Mediante este desafio de fé os homens parisienses,
mesmo em desvantagem, resolveram resistir ao invasor. Átila, porém, afastou-se
misteriosamente da cidade e até hoje não se sabe exatamente porque desistiu da
invasão.
A fama de
santidade de Genevieve, a forma humilde como anunciava Cristo e socorria os
doentes e famintos, fez dela uma mulher de caridade.
Mais tarde, 481-511, quando Paris foi ocupada
pelo Rei Childerico I, Genevieve intercedeu junto dele e do seu
sucessor para conseguir a liberdade dos prisioneiros. Posteriormente,
solicitou ao Rei Clóvis, primeiro monarca católico da França, para que
construísse uma Igreja dedicada a São Pedro e a São Paulo.
Quando morreu, a 3 de Janeiro de 502, com 82 anos, o
seu corpo foi sepultado nesta Igreja que ainda estava inacabada. Após a sua
canonização, passou a chamar-se Abadia de Santa Genoveva.
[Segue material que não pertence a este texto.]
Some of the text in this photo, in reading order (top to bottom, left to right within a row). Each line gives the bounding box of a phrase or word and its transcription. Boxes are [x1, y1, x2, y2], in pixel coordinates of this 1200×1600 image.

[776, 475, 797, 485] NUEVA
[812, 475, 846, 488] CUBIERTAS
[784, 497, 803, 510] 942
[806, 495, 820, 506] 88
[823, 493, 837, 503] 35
O Rei Clóvis, que
morreu em 511 e a Rainha Clotilde, que morreu em 545 também foram sepultados
neste local. A abadia foi saqueada e praticamente destruída pelos Vikings em
847, tendo sido parcialmente reconstruída ao longo das décadas seguintes, só
foi concluída em 1177.
No ano de
1130, surgiu em Paris uma grande peste que causou muitas mortes. O povo começou
a rezar a Santa Genoveva e fez uma procissão com suas relíquias pela cidade.
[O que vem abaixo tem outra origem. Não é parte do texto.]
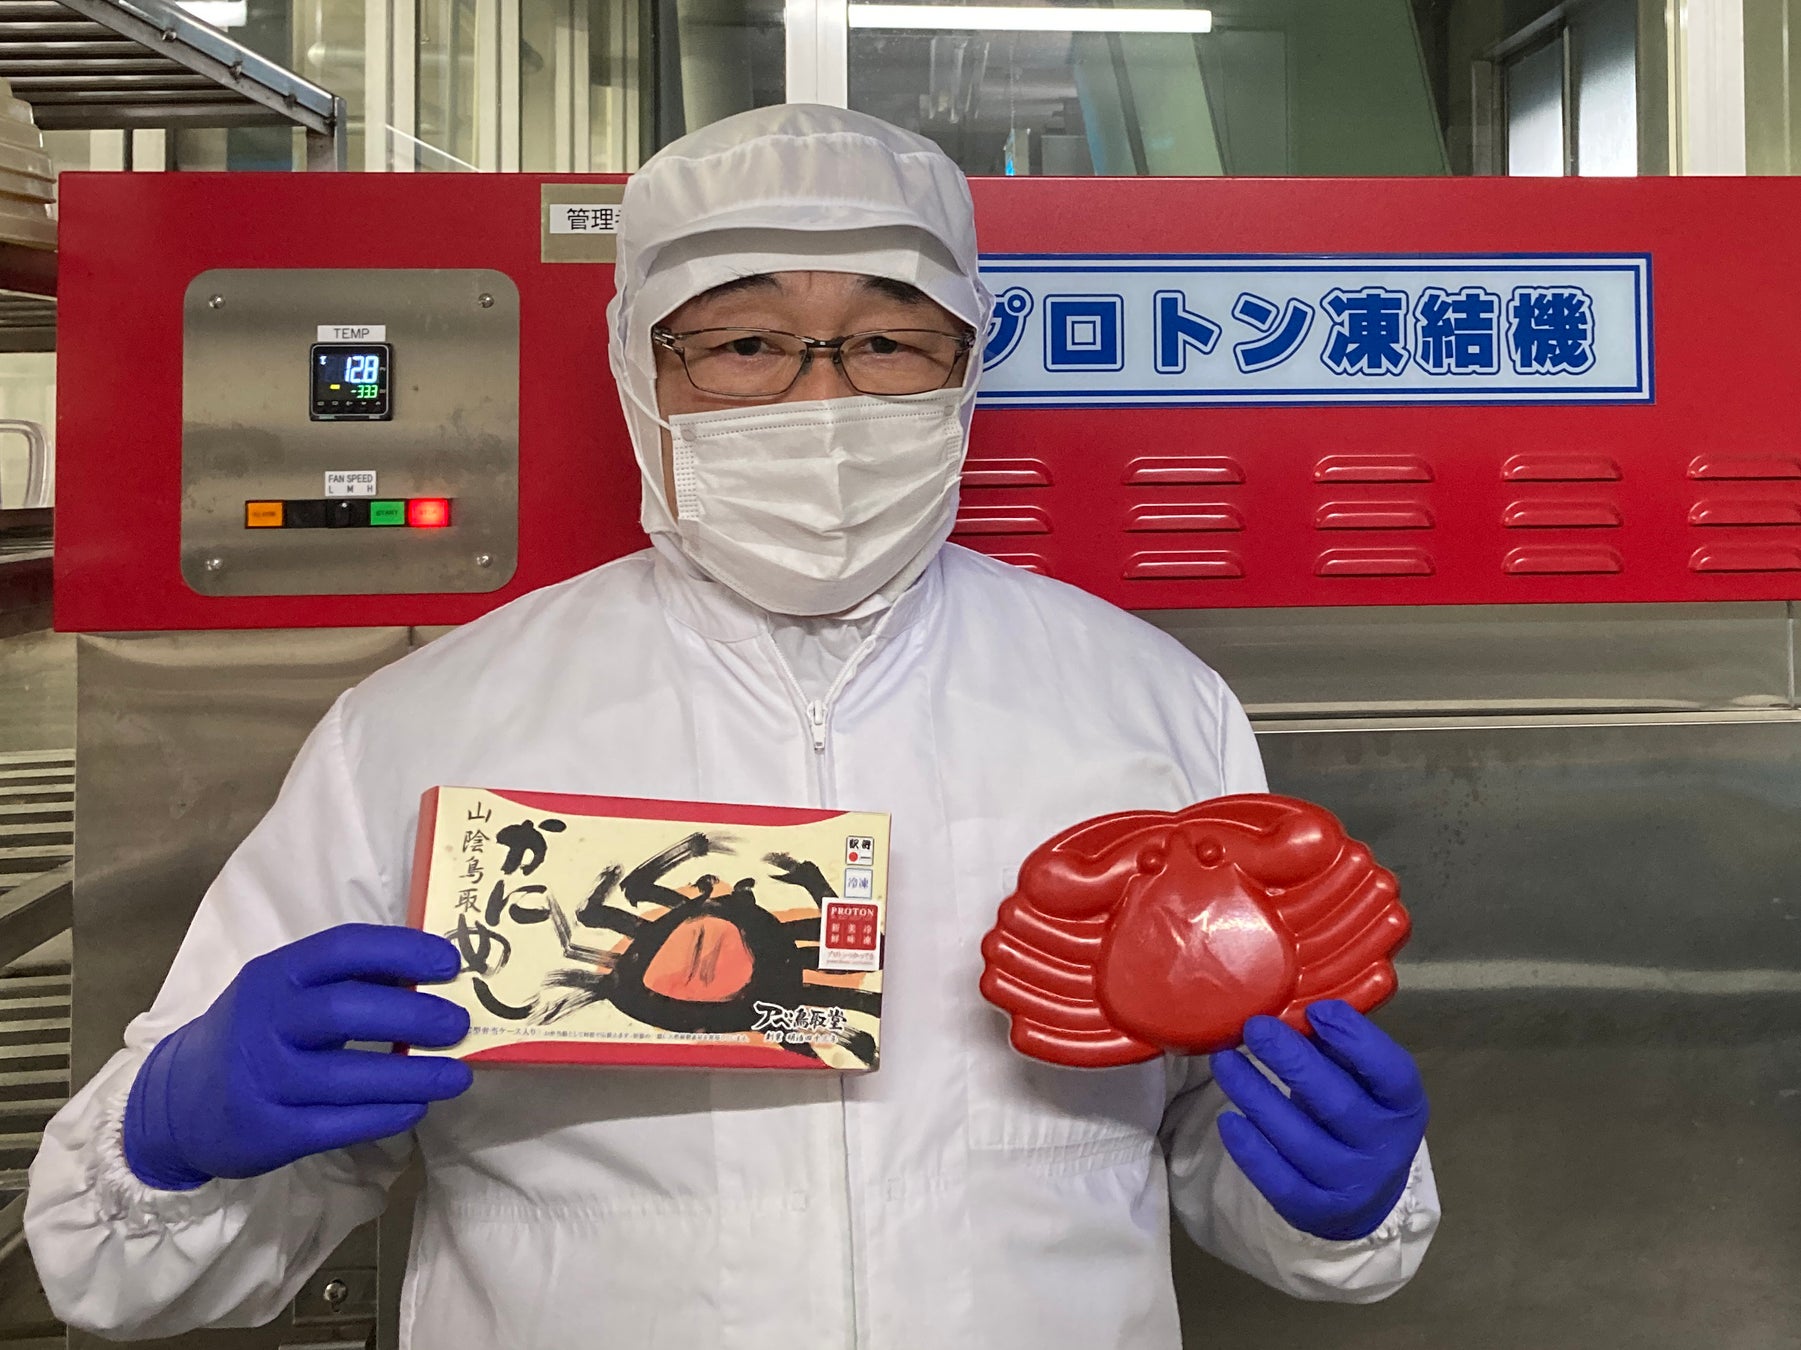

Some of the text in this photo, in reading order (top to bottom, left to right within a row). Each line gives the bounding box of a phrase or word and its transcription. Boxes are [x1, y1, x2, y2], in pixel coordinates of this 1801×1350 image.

Milagrosamente a epidemia acabou.
Genoveva,
por estes e muitos outros milagres foi considerada a Padroeira de Paris. O Papa Inocêncio ll, marcou a sua festa litúrgica
e seu culto para o dia 3 de janeiro.
Ao longo
da história, Santa Genoveva sempre foi invocada por ocasiões de grandes
calamidades como as epidemias, para implorar a chuva ou contra as inundações do
Sena.
Em 1744, após uma doença grave, cuja cura foi
atribuída a Santa Genoveva, o Rei Luiz XV fez a promessa de construir um grandioso
templo em homenagem à Santa.
Durante a
Revolução francesa, os jacobinos profanaram a Basílica, retiraram o corpo de
Santa Genoveva, cremaram-no e lançaram as cinzas ao rio Sena. A Basílica perdeu
a sua função religiosa e foi transformada, no que hoje é o Panteão, onde os
líderes da revolução foram sepultados.
Posteriormente o seu túmulo foi reconstruído com as suas
relíquias na Igreja de Saint-Étienne-du-Mont. O Papa João Paulo II, em 2002, aqui
se recolheu em oração a Santa Genevieve, Padroeira de Paris.